Les listes d'attente pour passer une échographie dans les hôpitaux de l'est de Montréal sont si longues que les médecins omnipraticiens sont obligés de diriger systématiquement leurs patients vers des cabinets privés, a appris La Presse. Cette situation, que certains qualifient de ticket modérateur déguisé, inquiète au plus haut point les médecins, car leur clientèle n'a souvent pas les moyens de payer pour cet examen.

«C'est facile de dire qu'on a un système de santé gratuit et universel, au Québec. Mais dans les faits, ce n'est pas le cas», déplore le vice-président de la Fédération des médecins omnipraticiens du Québec, le Dr Marc-André Asselin.

La situation est si critique que les directeurs généraux de cinq établissements de santé de l'est de Montréal ont écrit au gouvernement le 18 juin. «Nous voulons par la présente vous informer que la population de l'est de Montréal n'a présentement pas d'accès aux services diagnostiques d'échographie. Les délais d'attente (au public) sont de plus d'un an, écrivent-ils. Nous pouvons dire de façon très claire que l'échographie n'est plus un service assuré pour la population de l'est de Montréal.»

La Régie de l'assurance maladie paie pour l'échographie si elle est réalisée à l'hôpital, mais pas si elle est faite dans un cabinet privé, où elle coûte de 75$ à 250$, ce que plusieurs patients ne peuvent payer.

Pour corriger la situation, les signataires de la lettre réclament l'ajout de plateaux techniques dans les hôpitaux. L'hôpital Maisonneuve-Rosemont (HMR) indique pour sa part qu'il manque de radiologistes et qu'il en engagera deux ou trois durant l'année. «On pourra augmenter de 60% le nombre d'échographies dès 2011-2012», assure le porte-parole de l'HMR, François Brochu.

Cette augmentation sera la bienvenue, car, dans les dernières années, le nombre d'échographies n'a cessé de diminuer. Alors qu'on en a réalisé 40766 en 2001, on n'en a fait que 30663 en 2008. «On a perdu des radiologistes au fil des ans», explique M. Brochu.

C'est aussi durant cette période que certains radiologistes de l'HMR ont commencé à faire des échographies en cabinet privé, selon une source. Ont-ils délaissé la pratique dans les établissements publics?

Le président de la Fédération des médecins spécialistes du Québec (FMSQ), le Dr Gaétan Barrette, qui a lui-même été chef des radiologistes de l'HMR au début des années 2000, reste prudent. «Durant mon règne, j'avais augmenté de 30% le nombre d'échographies au public, dit-il. J'estime que Maisonneuve-Rosemont pourrait doubler son nombre d'échographies présentement.»

Le Dr Barrette martèle que le secteur privé ne doit pas nuire au réseau de santé public: «Jamais un docteur ne devrait diminuer sa pratique au public pour l'augmenter au privé.»

Le président de l'Association des radiologistes du Québec, le Dr Frédéric Desjardins, assure que ses collègues ne favorisent pas le privé au détriment du public. «Dans la dernière année, le nombre d'échographies réalisées au public a augmenté de 4%», dit-il.
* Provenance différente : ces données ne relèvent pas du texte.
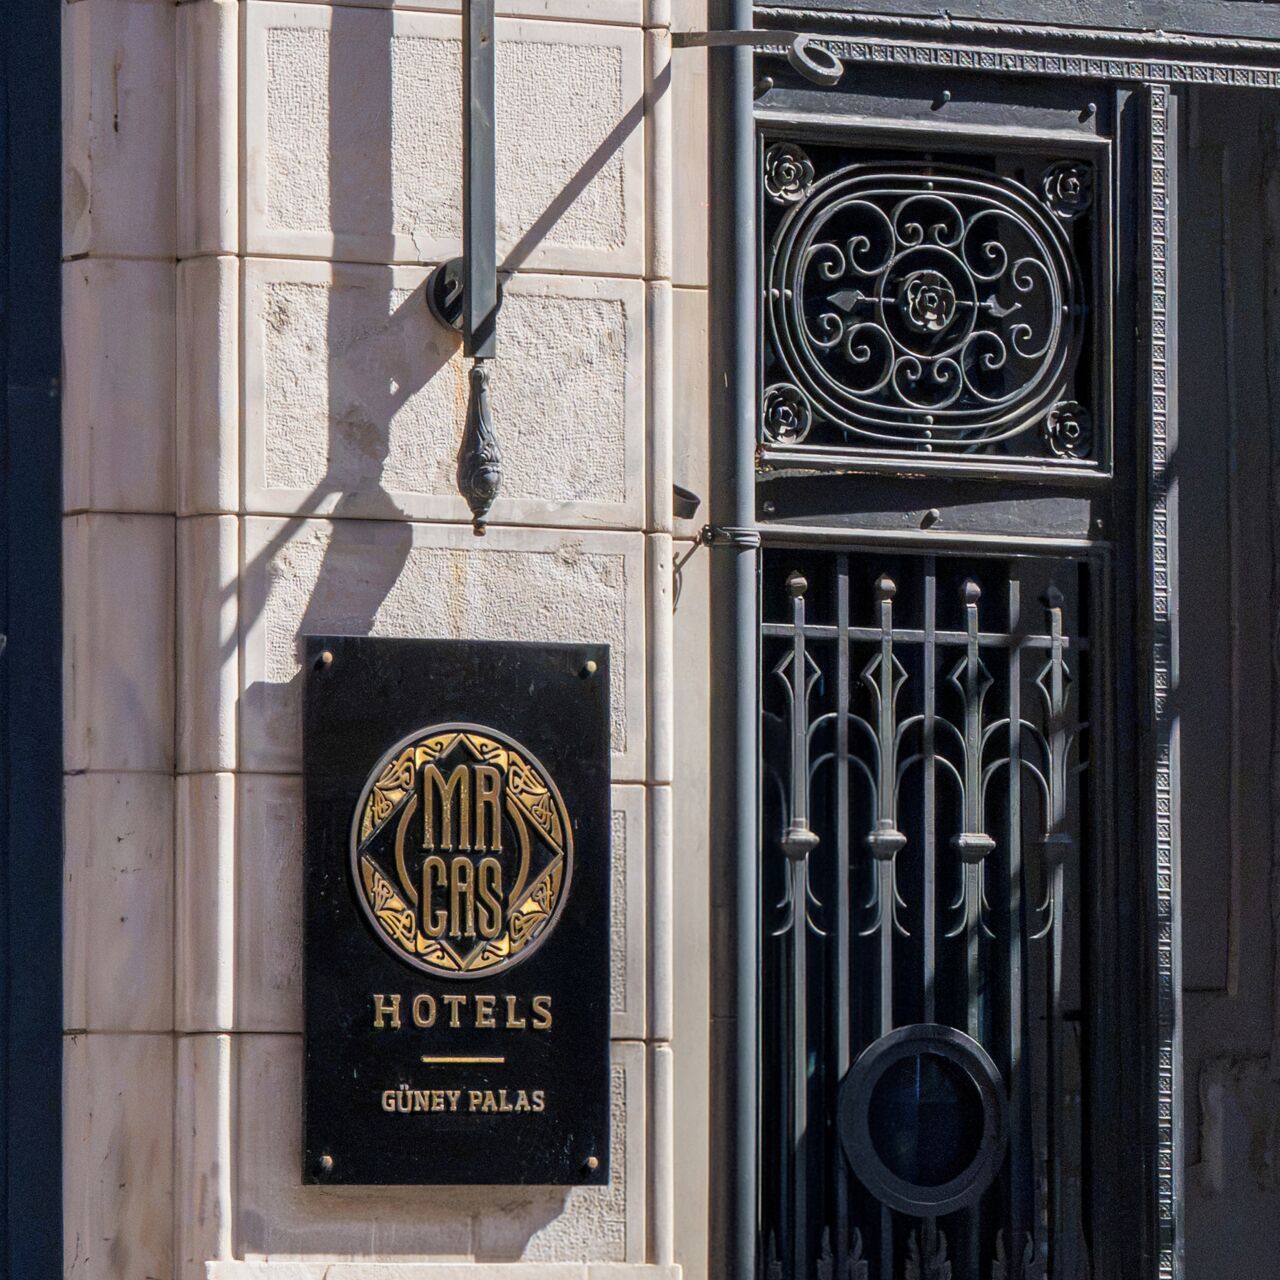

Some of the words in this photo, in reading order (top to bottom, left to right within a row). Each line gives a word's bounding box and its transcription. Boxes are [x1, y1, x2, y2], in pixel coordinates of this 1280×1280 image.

Le Dr Desjardins, tout comme le gouvernement, ne possède toutefois pas de données sur le nombre d'échographies réalisées au privé.

Pour régler la situation, le Dr Asselin estime que le gouvernement devrait assurer les échographies aussi bien à l'hôpital que dans les cabinets privés. «Les échographies, on en a besoin tous les jours, mais on n'y a pas accès dans des délais raisonnables. Le gouvernement doit nous dire s'il assure la santé ou non. Si oui, les échographies doivent être assurées.»

Au cabinet du ministre de la Santé, Yves Bolduc, on dit «travailler à corriger la situation», mais on reste vague sur la possibilité de payer toutes les échographies. Le Dr Barrette n'aurait pas d'objection à ce que le gouvernement le fasse. «La non-tarification, actuellement, est un ticket modérateur déguisé. Il faut donner accès à cet examen.»

Le Dr Desjardins rejette pour sa part cette solution. Il explique que, au Québec, les radiologistes doivent absolument être présents durant l'échographie. Ailleurs, ils peuvent se contenter d'analyser l'échographie faite par une technicienne. «Donc, même si on décide de rembourser l'examen lorsqu'il est réalisé en cabinet privé, il n'y aura pas plus de radiologistes pour faire ces tests. La seule solution, c'est de changer les règles de pratique.»